Concurrent chemoradiotherapy vs radiotherapy alone in stage II nasopharyngeal carcinoma: phase III randomized trial, published in the Journal of the National Cancer Institute in November 2011 (Chen QY, et al.)
Nasopharyngeal carcinoma (NPC) has a high endemic incidence (more common in eastern Asia, northern Africa and Alaska), is pathogenetically correlated with Epstein-Barr Virus (EBV) and is usually appreciated as a separate clinical entity. The histological classification of nasopharyngeal carcinoma proposed by WHO in 1978, categorized tumours into three groups: type I included typical keratinising squamous-cell carcinomas, similar to those found in the rest of the upper aerodigestive tract; type II included non-keratinising squamous carcinomas; and type III included undifferentiated carcinomas. An alternative classification has divided tumours into two histological types, namely squamous-cell carcinomas and undifferentiated carcinomas of the nasopharyngeal type. The second classification is correlated with EBV serology: patients with squamous-cell carcinomas have a reduced EBV titre, whereas those with undifferentiated carcinomas of the nasopharyngeal type have raised titres.
Radiotherapy (RT) is the standard treatment for NPC, although it can produce undesirable complications after treatment because of the location of the tumour at the base of skull, closely surrounded by and in close proximity to radiation dose-limiting organs. In RT a dose of 65–75 Gy is normally given to the primary tumour and 65–70 Gy to the involved neck nodes, whereas the dose for prophylactic treatment for a node-negative neck is 50–60 Gy. Because of the high incidence of occult neck node involvement, prophylactic neck RT is usually recommended. Several prospective randomized trials and meta-analyses have demonstrated that concurrent chemo-radiotherapy (CRT) with or without adjuvant chemotherapy is superior to RT alone in the treatment of locoregionally advanced NPC. The prognosis of patients with stage I-II NPC is generally favourable, and this group of patients has largely been excluded from clinical trials with CRT.
This randomized clinical trial is the first one reported to compare the clinical impact of CRT over radiotherapy alone in early-stage NPC patients. Totally 230 patients were randomized to RT alone versus CRT (RT plus weekly cisplatin 30mg/m2).The primary objective of the study was overall survival and secondary endpoints were progression-free survival, distant metastasis-free survival and locoregional relapse-free survival. With a median follow-up of 60 months, CRT improved the 5-year overall survival rate (94.5% vs 85.8%, P=0.007), the progression-freezer survival (87.9% vs 77.8%, P=0.017) and distant metastasis free-survival (94.8% vs 83.9%, P=0.007). No statistically significant difference was observed regarding locoregional relapse-free survival (93% vs 91.1%, P=0.29). Multivariable analysis showed that the number of chemotherapy cycles was the only independent factor that was associated with overall survival, progression-free survival and distant control of the patients. The CRT patient group experienced statistically significantly more acute (and not late) side effects.
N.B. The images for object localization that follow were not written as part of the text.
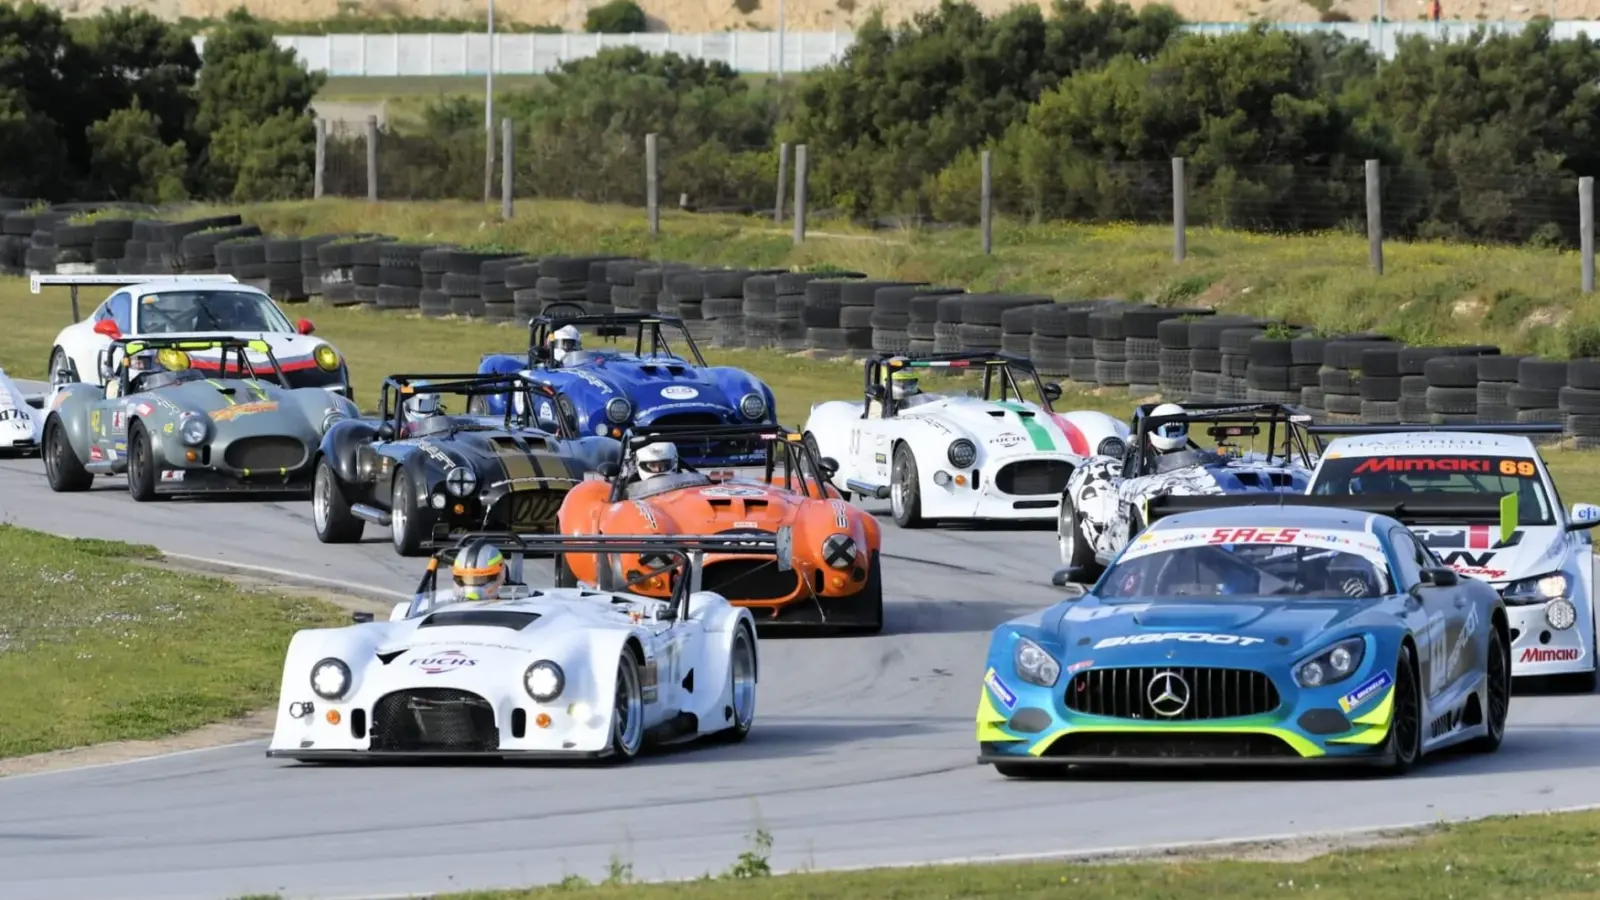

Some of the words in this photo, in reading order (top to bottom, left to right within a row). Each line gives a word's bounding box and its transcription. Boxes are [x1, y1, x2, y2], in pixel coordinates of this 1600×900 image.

[1352, 457, 1490, 475] Mimaki
[1499, 459, 1535, 477] 69
[1093, 632, 1265, 650] BIGFOOT
[409, 657, 480, 667] FUCHS
[1519, 648, 1579, 663] Mimaki
Although there are some limitations in this study (e.g. use of two-dimensional RT technique instead of IMRT, lower than previously used in other clinical trials cisplatin dose), it brings significant clinical data regarding the utility of CRT in early-stage NPC patients. These data should be taken into serious account since distant metastases remain the major cause of treatment failure and the outlook for stage IV NPC patients remains poor.